そして出産は何よりもしんどい
霊長類の出産は、他の動物よりも、圧倒的に難産です。もはや宿命。
理由は、残念ながらたくさんある!
①産道が狭い&曲がりくねってる
これは、二足歩行するために、骨盤まわりの筋肉が複雑だから。
胎児は、筋肉と骨の間の隙間をうねうねしてく出てきます。
つまり?
詰まりやすい(笑)
②分娩時の出血量が多い
これは、胎盤の作りのせい。
霊長類は、犬猫や牛馬より、胎児由来の膜と母体由来膜がガッチリくっついてるんです。
膜の内側には、血管がたくさん。それがバリバリ剥がれるもんだから、けっこう出血します。
なんでそんな作りを選んだのか。それは、流産しにくいという利点を優先したから。
母体のダメージには目をつむることにしたんだよね。とほほ……。
③脳が大きい
霊長類は、他の哺乳類に比べて脳(頭)がひときわ大きいです。なので①と合わせて、産道で詰まる確率がアップしちゃう。
しかも! 人間は霊長類の中でも特に脳が大きい。
ほとんどの動物は、産道よりも胎児の頭が小さくできている。
でも人間は違います。ヒトの産道は10センチしかないのに、胎児の頭は14センチもある。
おい、4センチどうするんだよ? というと……
胎児は頭蓋骨を重ね合わせて、頭を10センチに縮めて産道を通る戦法をとりました。
脳を保護するという、大事な頭蓋骨の役目を、一時捨てたわけです。
脳を大きくするために、そこまでするか人間!?
私は子供が産道の途中で止まって、えらいこっちゃになりました。①の罠にはまったわけです。
医者から
「赤ちゃんが斜めに降りてきてますね。赤ちゃんの位置を戻してみましょう!」
と言われたとき、頭をよぎったのは、繁殖学の教科書。
「胎児失位整復って、牛とかでよく見るアレでしょ? 産道に腕や器具を突っ込んで、胎児を回転させるやつ。
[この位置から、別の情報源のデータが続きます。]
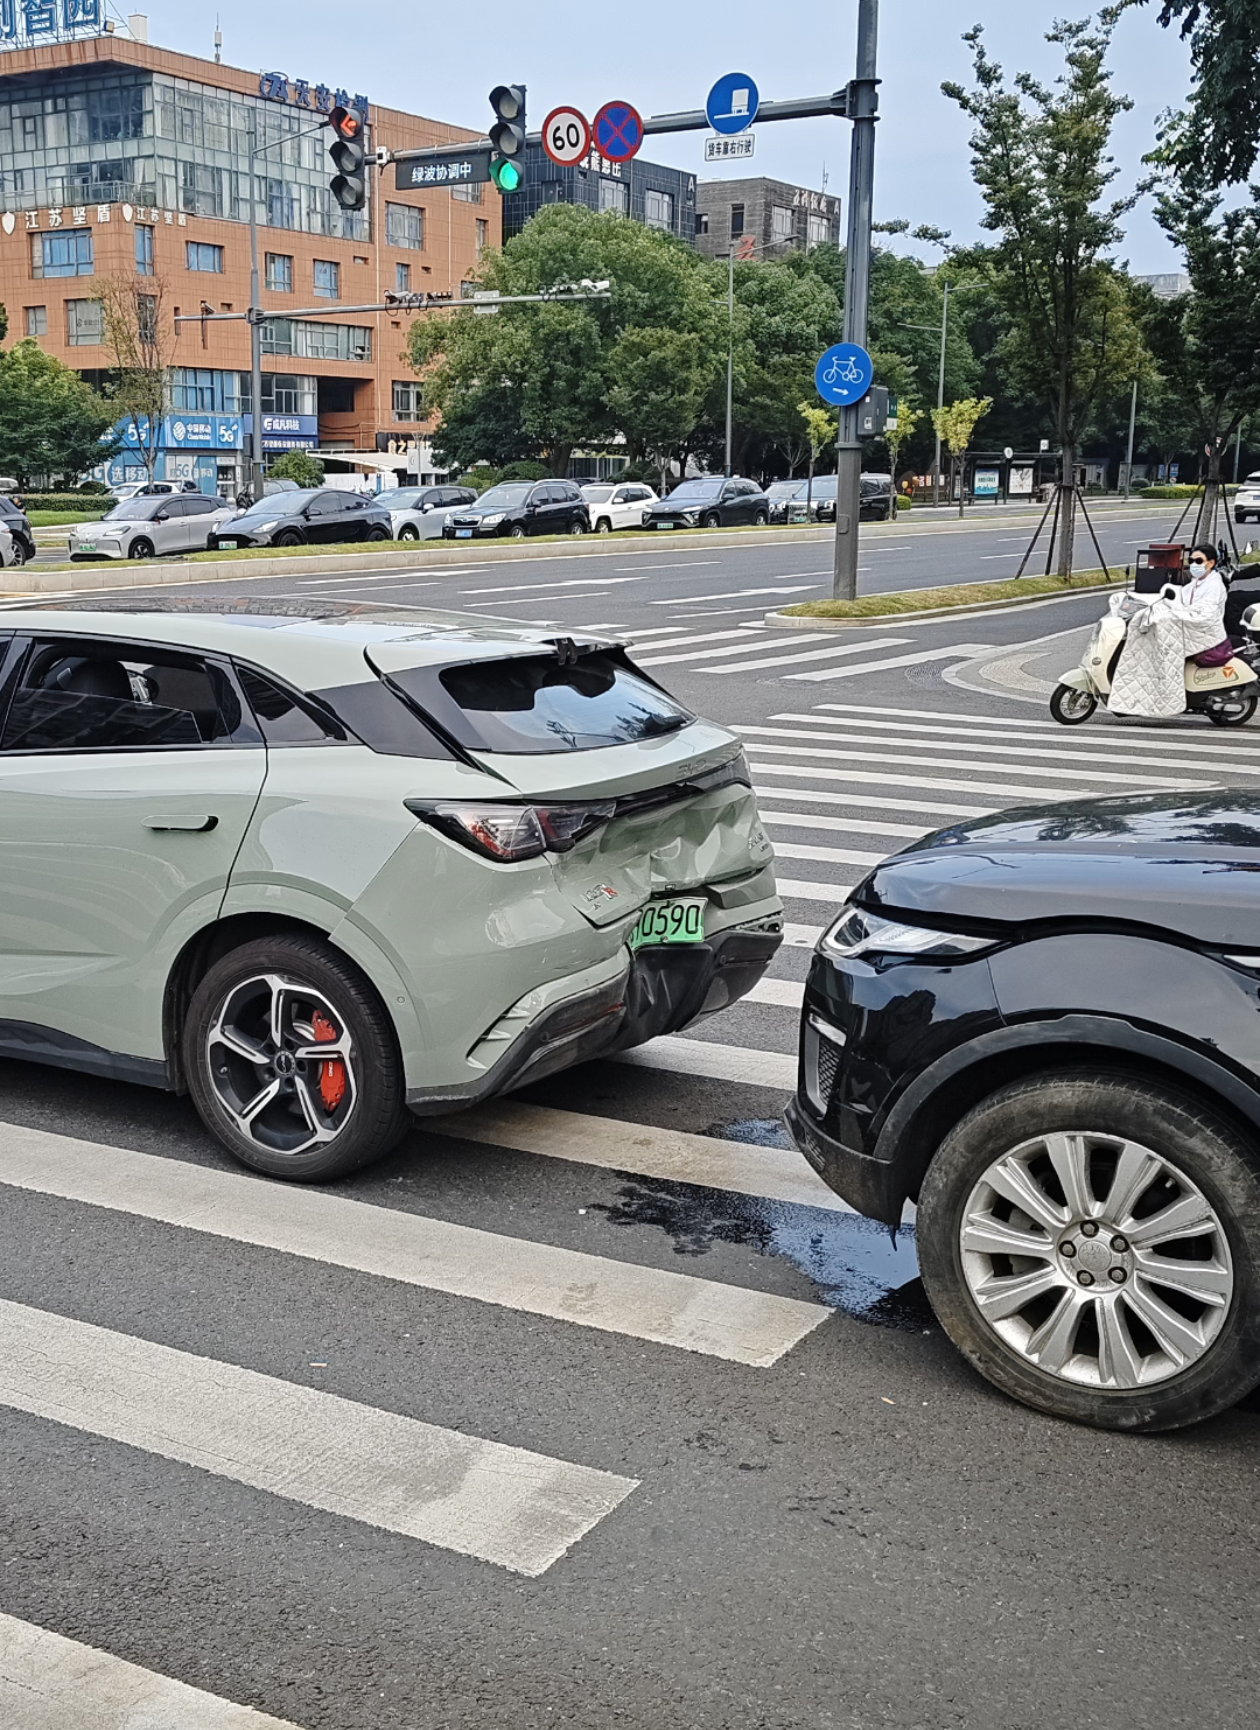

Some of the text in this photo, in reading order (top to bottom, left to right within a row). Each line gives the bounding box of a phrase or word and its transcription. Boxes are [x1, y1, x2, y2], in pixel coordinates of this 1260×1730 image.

え、人間の産道って10センチしかないよ? 先生の手、入らないよ? 無理ムリ! あんぎゃー!!」
やりました……。
先生の手、親指の付け根まで入ったっぽいです。指先で胎児の頭を動かしたみたい。
痛い上に、羊水と血がびちゃびちゃ音をたてて出てくるんだけど!?
3分間隔の陣痛の合間に、整復にトライ。
つまり……
陣痛→整復痛い→陣痛→整復痛い
ずっと痛いじゃん! なんだよコレ!!
一晩陣痛に耐えてからの華々しいフィナーレに、指一本動かせないくらいまで疲労しました。
大変遺憾ながら、誇張ではありません。
霊長類の難産、体感しちゃいました……。
そして整復がんばったけど、子供は出てこず。緊急帝王切開になりました。
ざくっと10センチ腹切り!
うーん、霊長類やるのは大変だわぁ。